We performed a spatio-temporal analysis to study the different fleets’ contributions to the overall fishing footprint, which demonstrated heterogeneous patterns. Indeed, PS fishery was little affected by the lockdown restrictions. The TBB fishery was strongly impacted by the EU lockdowns and made a slow recovery. The PTM fleet was moderately affected by the lockdowns and made a swift recovery in the whole Adriatic. The OTB fleet returned to pre-lockdown levels only at the end of 2020 and was strongly impacted by the lockdowns. Further details are given in Section 4.3.3-SI. The TBB, OTB, and PS barycentres had a focus area of \(\sim\) 1\(^{\circ }\) latitudinal range, whereas the latitudinal range of the PTM barycentre was \(\sim\) 2\(^{\circ }\) (Fig. 4). The 2020 lockdowns altered the TBB barycentre pattern and extended its range compared with the previous years. As regards the PS fleet, during the 2020 EU lockdowns it moved northward and returned to the south only at the end of the year, thus showing an inversion respect to 2017-2019 that was likely due to the pandemic restrictions. The barycentre of the PTM fleet moved in a more northward direction during the 2020 lockdowns than the previous years, with slightly longer monthly shifts reflecting a greater geographical range. Finally, the pattern of the OTB barycentre changed in March and April due to an increased activity range compared with the previous years and remained in this spatial range for the rest of 2020. Further details on barycenter patterns are given in Section 4.3.4-SI.

Figure 4
figure 4

Distribution of the annual barycentre shifts over February and May between 2015 and 2020, reported per estimated fishing gear. The coloured bounding boxes depict the maximum extents of the barycentre movements. Acronyms refer to distinct fleets using purse seines (PS), pelagic pair trawls (PTM), beam trawls (TBB) or bottom otter trawls (OTB). The underlying bathymetry map belongs to a previous work43 of co-author F. Trincardi. Barycentre shift visualisation was realised with R v.4.1.2 (https://cran.r-project.org/bin/windows/base/) using the ggplot2 v.3.3.5, cowplot v.1.1.1, and raster v.3.5.2 packages.

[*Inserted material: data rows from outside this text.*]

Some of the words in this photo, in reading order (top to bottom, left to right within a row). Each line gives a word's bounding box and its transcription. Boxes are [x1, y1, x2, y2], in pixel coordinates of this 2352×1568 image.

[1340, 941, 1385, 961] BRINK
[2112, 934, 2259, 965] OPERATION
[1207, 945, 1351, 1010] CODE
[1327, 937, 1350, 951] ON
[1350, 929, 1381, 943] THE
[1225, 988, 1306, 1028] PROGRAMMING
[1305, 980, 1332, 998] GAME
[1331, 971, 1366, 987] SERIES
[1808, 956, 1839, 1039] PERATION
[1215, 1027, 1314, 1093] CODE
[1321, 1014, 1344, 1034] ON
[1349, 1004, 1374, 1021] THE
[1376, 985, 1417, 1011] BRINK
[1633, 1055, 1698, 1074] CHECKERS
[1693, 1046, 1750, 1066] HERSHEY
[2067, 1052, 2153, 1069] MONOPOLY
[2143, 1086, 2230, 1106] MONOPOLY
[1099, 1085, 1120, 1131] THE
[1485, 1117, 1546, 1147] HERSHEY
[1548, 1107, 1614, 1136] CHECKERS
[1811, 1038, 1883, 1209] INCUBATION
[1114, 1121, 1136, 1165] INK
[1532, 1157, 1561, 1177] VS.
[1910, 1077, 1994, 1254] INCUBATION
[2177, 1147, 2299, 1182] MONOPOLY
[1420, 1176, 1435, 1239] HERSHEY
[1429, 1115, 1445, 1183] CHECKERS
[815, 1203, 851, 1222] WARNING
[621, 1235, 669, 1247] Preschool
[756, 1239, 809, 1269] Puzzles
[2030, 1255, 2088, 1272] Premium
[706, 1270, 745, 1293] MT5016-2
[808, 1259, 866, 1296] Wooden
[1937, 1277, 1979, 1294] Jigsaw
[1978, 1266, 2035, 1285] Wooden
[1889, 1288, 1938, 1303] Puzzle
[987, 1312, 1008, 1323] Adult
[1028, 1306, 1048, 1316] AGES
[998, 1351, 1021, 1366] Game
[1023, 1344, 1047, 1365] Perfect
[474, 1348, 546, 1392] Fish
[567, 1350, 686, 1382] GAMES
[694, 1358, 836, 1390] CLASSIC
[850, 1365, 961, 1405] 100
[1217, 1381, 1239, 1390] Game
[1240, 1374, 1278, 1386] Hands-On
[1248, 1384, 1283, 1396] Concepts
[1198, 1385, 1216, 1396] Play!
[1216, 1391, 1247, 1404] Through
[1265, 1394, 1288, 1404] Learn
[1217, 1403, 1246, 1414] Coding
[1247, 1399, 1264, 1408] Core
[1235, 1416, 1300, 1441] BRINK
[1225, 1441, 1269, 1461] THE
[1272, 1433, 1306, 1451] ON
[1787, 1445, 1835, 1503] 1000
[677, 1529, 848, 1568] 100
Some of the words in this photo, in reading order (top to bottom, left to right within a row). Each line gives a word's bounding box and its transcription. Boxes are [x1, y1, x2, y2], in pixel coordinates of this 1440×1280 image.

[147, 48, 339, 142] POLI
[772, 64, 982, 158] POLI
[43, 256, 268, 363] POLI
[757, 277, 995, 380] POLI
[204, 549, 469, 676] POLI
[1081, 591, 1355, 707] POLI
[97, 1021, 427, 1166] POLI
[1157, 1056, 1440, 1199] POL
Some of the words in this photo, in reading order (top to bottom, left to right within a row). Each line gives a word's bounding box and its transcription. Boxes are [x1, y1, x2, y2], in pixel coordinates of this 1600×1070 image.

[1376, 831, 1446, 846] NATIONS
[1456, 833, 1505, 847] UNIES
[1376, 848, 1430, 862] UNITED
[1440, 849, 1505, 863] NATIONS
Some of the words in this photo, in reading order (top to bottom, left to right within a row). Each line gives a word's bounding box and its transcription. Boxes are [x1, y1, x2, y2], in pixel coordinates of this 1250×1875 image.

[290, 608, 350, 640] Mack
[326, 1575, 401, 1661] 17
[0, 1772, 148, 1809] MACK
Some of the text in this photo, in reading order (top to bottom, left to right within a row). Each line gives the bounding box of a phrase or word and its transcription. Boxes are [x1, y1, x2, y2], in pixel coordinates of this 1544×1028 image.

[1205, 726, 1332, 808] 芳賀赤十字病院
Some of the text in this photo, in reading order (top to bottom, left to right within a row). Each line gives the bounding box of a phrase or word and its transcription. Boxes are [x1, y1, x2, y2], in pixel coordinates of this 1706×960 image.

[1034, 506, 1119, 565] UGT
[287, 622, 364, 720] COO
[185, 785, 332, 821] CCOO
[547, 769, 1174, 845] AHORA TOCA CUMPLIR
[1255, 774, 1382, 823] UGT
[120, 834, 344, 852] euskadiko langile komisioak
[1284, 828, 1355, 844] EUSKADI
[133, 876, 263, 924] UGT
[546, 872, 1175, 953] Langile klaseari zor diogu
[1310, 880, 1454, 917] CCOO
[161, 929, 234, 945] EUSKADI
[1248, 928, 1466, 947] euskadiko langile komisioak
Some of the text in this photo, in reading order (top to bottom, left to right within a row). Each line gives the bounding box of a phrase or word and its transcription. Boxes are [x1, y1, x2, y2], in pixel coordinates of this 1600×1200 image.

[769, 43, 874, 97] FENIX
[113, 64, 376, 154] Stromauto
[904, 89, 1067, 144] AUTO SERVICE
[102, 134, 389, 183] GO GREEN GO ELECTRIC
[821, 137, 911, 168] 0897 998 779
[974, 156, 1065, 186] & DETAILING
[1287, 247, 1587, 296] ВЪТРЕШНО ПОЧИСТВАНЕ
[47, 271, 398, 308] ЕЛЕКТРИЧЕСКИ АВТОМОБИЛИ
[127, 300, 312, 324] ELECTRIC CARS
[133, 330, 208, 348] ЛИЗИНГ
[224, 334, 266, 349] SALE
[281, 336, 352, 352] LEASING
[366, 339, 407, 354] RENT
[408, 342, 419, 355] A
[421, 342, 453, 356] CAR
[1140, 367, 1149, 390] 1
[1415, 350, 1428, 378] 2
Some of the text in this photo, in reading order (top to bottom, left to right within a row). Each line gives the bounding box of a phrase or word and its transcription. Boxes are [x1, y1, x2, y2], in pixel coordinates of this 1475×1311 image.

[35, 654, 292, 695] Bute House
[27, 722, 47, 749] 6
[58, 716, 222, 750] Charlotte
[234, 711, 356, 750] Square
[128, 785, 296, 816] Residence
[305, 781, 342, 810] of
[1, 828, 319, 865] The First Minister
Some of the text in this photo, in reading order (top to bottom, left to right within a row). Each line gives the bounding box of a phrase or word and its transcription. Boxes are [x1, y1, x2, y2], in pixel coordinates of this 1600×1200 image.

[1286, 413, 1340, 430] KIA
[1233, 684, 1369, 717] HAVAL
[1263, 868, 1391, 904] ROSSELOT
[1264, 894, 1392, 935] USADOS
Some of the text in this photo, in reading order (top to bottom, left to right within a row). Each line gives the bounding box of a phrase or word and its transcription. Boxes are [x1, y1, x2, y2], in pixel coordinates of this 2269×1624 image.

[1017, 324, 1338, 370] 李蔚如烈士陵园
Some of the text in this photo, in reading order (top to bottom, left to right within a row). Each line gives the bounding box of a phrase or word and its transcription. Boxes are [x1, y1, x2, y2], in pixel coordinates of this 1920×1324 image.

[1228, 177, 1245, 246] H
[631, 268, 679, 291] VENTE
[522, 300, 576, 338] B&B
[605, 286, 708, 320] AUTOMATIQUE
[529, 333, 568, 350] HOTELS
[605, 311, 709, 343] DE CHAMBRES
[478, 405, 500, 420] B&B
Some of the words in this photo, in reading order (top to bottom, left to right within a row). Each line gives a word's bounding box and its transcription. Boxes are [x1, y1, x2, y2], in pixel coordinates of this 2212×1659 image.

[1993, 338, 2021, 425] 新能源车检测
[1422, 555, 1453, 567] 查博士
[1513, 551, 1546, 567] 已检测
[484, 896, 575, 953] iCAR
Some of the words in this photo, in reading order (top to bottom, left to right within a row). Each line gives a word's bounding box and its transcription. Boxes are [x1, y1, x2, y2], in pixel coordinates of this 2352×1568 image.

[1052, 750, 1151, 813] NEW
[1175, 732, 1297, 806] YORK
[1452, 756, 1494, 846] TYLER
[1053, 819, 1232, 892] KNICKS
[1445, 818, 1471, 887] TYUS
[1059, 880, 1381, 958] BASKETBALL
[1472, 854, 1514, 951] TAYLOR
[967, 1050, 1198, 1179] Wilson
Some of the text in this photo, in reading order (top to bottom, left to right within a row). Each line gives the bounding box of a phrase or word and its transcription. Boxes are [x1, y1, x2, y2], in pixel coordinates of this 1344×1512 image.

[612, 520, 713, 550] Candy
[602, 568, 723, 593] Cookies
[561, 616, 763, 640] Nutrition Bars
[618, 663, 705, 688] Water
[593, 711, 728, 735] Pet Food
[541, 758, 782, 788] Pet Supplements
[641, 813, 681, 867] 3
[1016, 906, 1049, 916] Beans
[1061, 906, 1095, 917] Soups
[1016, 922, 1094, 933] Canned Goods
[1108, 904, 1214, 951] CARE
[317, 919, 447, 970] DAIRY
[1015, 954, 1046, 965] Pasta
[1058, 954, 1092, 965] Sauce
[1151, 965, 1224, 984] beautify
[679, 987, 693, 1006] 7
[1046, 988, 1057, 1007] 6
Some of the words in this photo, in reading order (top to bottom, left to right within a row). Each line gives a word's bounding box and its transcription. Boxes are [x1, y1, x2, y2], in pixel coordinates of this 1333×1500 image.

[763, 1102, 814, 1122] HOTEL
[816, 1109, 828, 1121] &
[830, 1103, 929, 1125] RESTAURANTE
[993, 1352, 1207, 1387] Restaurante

In February and March–May 2020 the high-effort fishing areas and those inhabited by ETP species showed a strong overlap. An evident effect of the 2020 EU lockdowns, detected both in the GFW and the AIS datasets, was a scattering and overall reduction of the overlap during this period (Figs. 1b, 5). Analysis of the monthly trends demonstrated that the number of fishing hours at these locations during the lockdowns was generally lower than in the previous years, and in May 2020 did not reach the level of 2019. Although after the lockdowns the total fishing effort reverted to 2019 levels, the fishing hours at the locations at higher risk of impact remained below pre-lockdown levels throughout 2020, indicating a general attenuation of impact on ETP species in the Adriatic Sea during the pandemic. However, this was not true of all gear types. In particular, PS fishing hours increased at the locations at higher risk of impact up to February 2020 and remained constant, and well above 2019 values, both in March–May and in the second half of 2020. The PTM fleet strongly reduced its effort at the locations at higher risk of impact from February to March 2020 but then non-linearly increased this effort up to May 2020, which almost reached 2019 values and remained high also for the rest of the year. Further numerical details are given in Section 4.3.5-SI.

Figure 5
figure 5

Spatial distribution of the total potential impact of fishing activities on endangered, threatened and protected (ETP) species in (a) February and (b) March-to-May (aggregated). Maps were created with QGIS v.3.20.2 (www.qgis.org) using the OSM-Standard map of the QuickMapService plugin as the background map.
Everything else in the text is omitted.